No ano passado, na WWDC 2024, a Apple se esforçou para nos convencer de que era uma líder em IA, que vinha trabalhando nesse campo há anos e que tinha inovações empolgantes a caminho, que apenas a Apple poderia oferecer devido ao seu amplo ecossistema de dispositivos e plataformas e à sua forte postura em relação à privacidade. Essa foi uma jogada ousada, visto que a Apple raramente fala sobre produtos e recursos futuros até que estejam quase prontos. Em retrospectiva, o foco em IA da WWDC do ano passado parecia desnecessário. A Apple não precisava entrar na corrida por recursos de IA, na qual OpenAI, Google e uma constelação de gigantes da tecnologia e startups ricas em capital estão competindo de maneira incansável.
Não é nesse cenário que a Apple pode competir, nem é aqui que a empresa pode causar o maior impacto na próxima grande onda de inovação tecnológica. A Apple simplesmente precisa seguir seu próprio roteiro. Um exemplo que estava no caminho certo na WWDC do ano passado foi quando a Apple se concentrou na integração de recursos de IA, um por um, em seu software existente, como Mensagens, Genmoji e o aplicativo Mail. Existem muitos recursos existentes no iPhone, por exemplo, que poderiam ser aprimorados, otimizados e tornados mais potentes — tudo fora do âmbito dos chatbots.
Quanto à Siri, a Apple provavelmente percebeu que precisa recomeçar do zero. A base de código da Siri remonta a projetos antigos do governo na DARPA, e pelo que entendi de pessoas que possuem conhecimento sobre o código, adaptá-lo para os usos atuais criou um clássico dilema do inovador que tem dificultado a Siri por uma década, impedindo-a de acompanhar o ritmo do Amazon Alexa, Google Assistant e, mais recentemente, do ChatGPT.
Isso não significa, necessariamente, que a Apple precise adquirir empresas para competir com LLMs e os últimos chatbots. O Claude, da Anthropic, é frequentemente mencionado como uma boa opção para a Apple devido ao foco da Anthropic em privacidade e segurança na IA. No entanto, a Anthropic foi avaliada em 61,5 bilhões de dólares em março de 2025, o que tornaria uma aquisição superior a 100 bilhões de dólares. Isso torna bastante improvável que a Apple ou qualquer outra empresa compre a Anthropic.

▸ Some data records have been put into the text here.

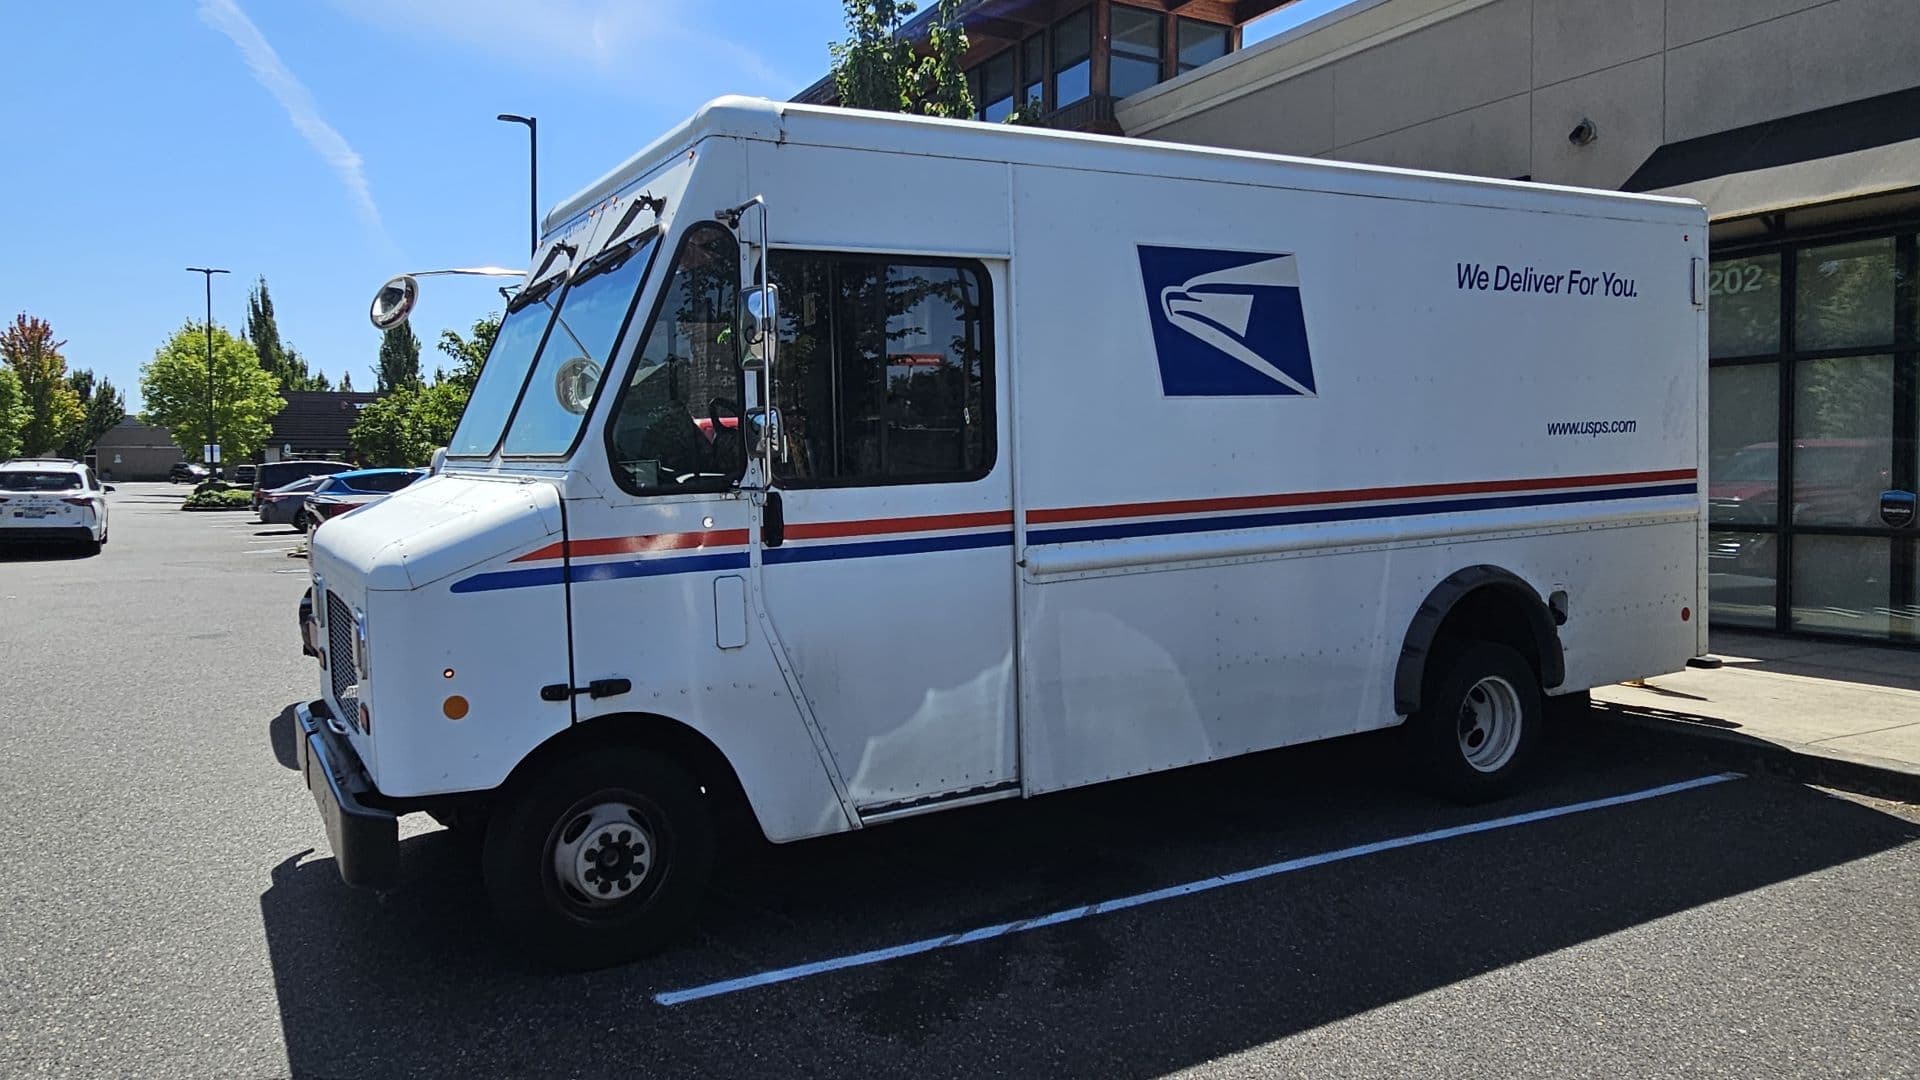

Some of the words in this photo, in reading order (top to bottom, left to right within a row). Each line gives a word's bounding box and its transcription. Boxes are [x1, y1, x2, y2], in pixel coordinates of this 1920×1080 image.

[1457, 262, 1489, 290] We
[1493, 265, 1564, 294] Deliver
[1567, 269, 1599, 296] For
[1602, 271, 1638, 298] You.
[1711, 264, 1762, 296] 202
[1547, 420, 1637, 438] www.usps.com
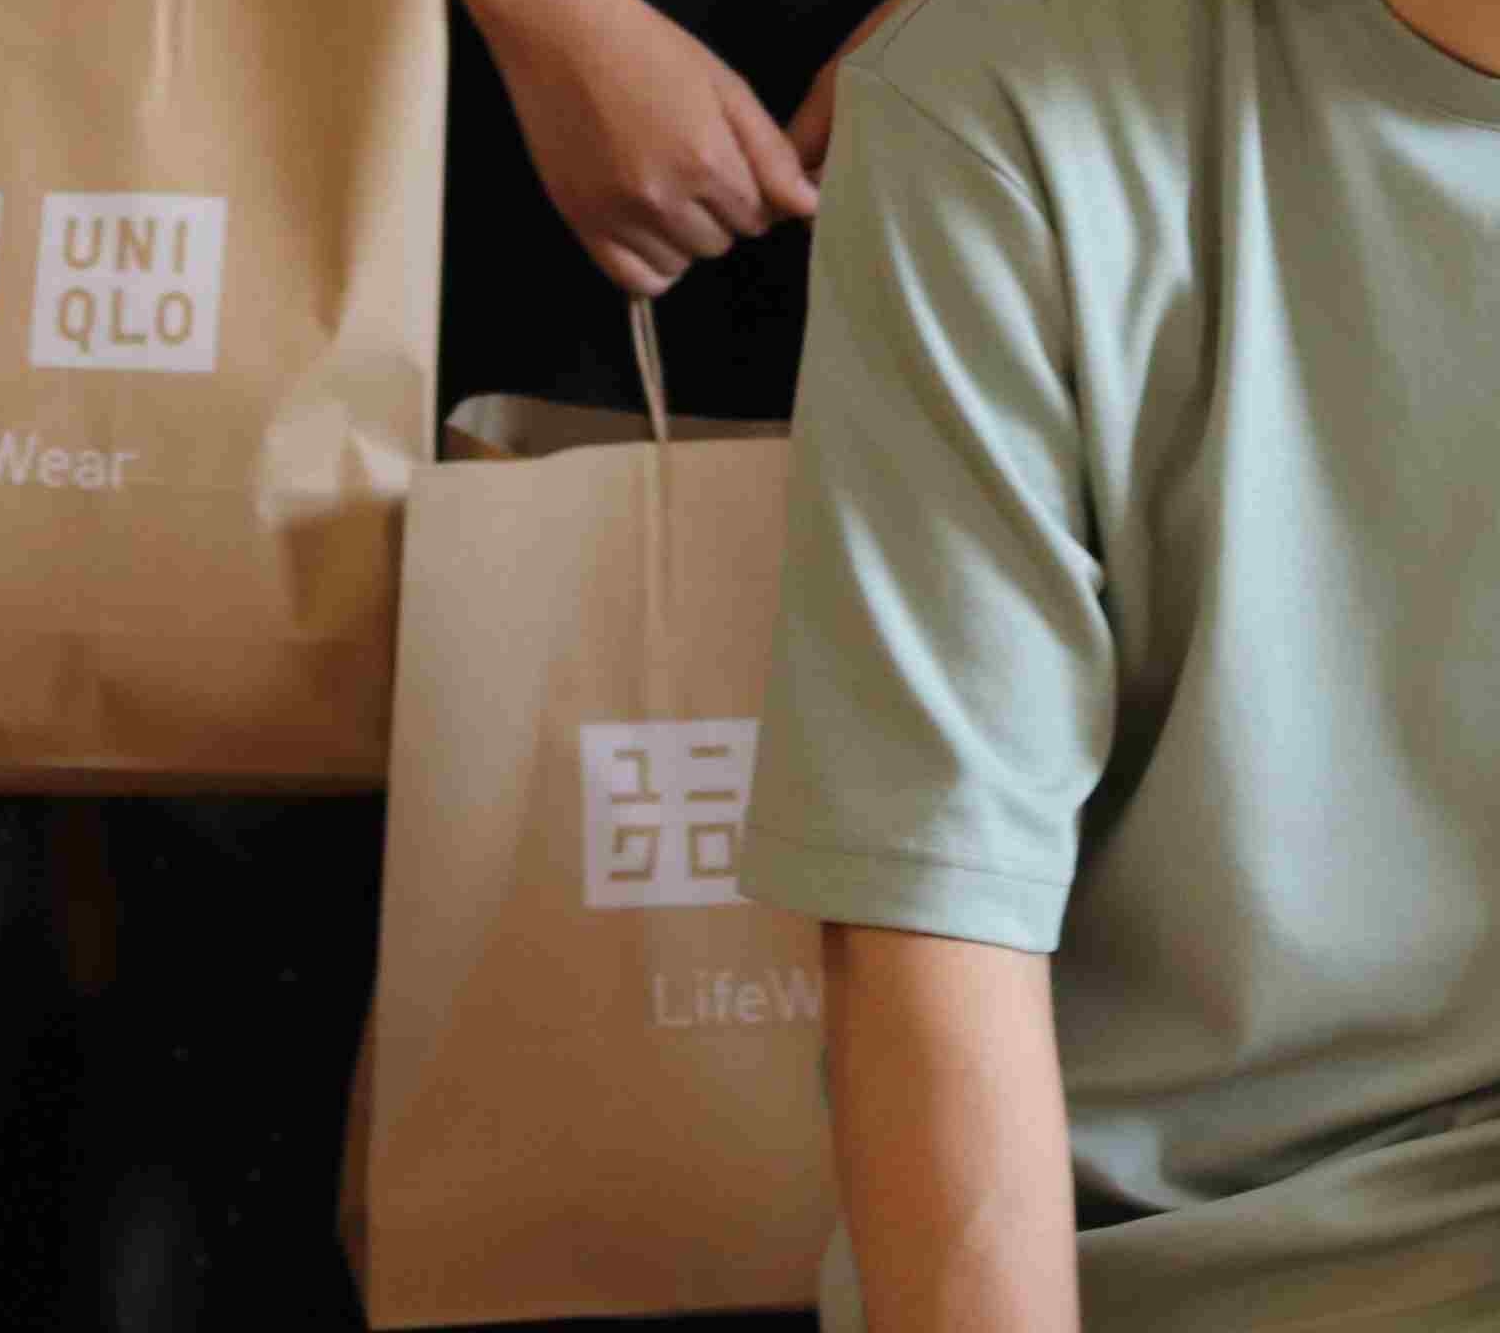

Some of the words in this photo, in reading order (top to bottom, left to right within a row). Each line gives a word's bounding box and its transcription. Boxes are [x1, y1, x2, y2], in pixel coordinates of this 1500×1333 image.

[62, 216, 188, 275] UNI
[56, 288, 195, 354] QLO
[608, 744, 739, 805] ユニ

A Apple possui talentos em IA e tempo. A revolução da IA generativa está apenas começando a decolar. Mesmo que leve dois anos para reconstruir a fundação da Siri para a era dos LLMs, isso valeria a pena — e muitos usuários ainda estarão no início de sua jornada com IA em 2027. Enquanto isso, a Apple poderia continuar a usar LLMs para aprimorar recursos individuais no iPhone e em seus diversos produtos — mas fazendo isso à maneira da Apple. Esperar até que os recursos estejam completamente operacionais antes de nos mostrar os motivos para estarmos animados.

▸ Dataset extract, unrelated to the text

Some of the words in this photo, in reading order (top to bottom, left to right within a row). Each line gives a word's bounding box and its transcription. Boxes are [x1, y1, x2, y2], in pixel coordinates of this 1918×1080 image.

Não devemos esquecer onde os melhores chatbots, produtos e recursos de IA generativa dos maiores inovadores estão rodando hoje e continuarão operando por anos a fio — em laptops, smartphones e tablets, muitos deles fabricados pela Apple. Há mais de 50.000 startups de IA, de acordo com a Crunchbase, e atualmente mais de 27 bilhões de dólares estão sendo investidos em IA, segundo o New York Times. Todos esses novos aplicativos e ferramentas que estão sendo criados darão ainda mais razões para as pessoas usarem seus dispositivos favoritos, e a Apple já demonstrou que seus chips estão especialmente prontos para lidar com IA.
E enquanto a OpenAI e Jony Ive têm causado muito alvoroço ao criar seu próprio dispositivo de hardware de IA, até eles admitiram que isso não substituirá seu telefone ou seu laptop para rodar as mais recentes ferramentas de IA. Portanto, sim, a Apple continua muito bem posicionada para desempenhar um papel de liderança na onda de inovação em IA que está por vir. O mundo da IA precisa da disciplina da Apple, do foco na experiência do usuário e da paciência para jogar o jogo a longo prazo. E sejamos francos — vai precisar de muitos dos dispositivos mais poderosos da Apple, não importa qual software esteja rodando neles.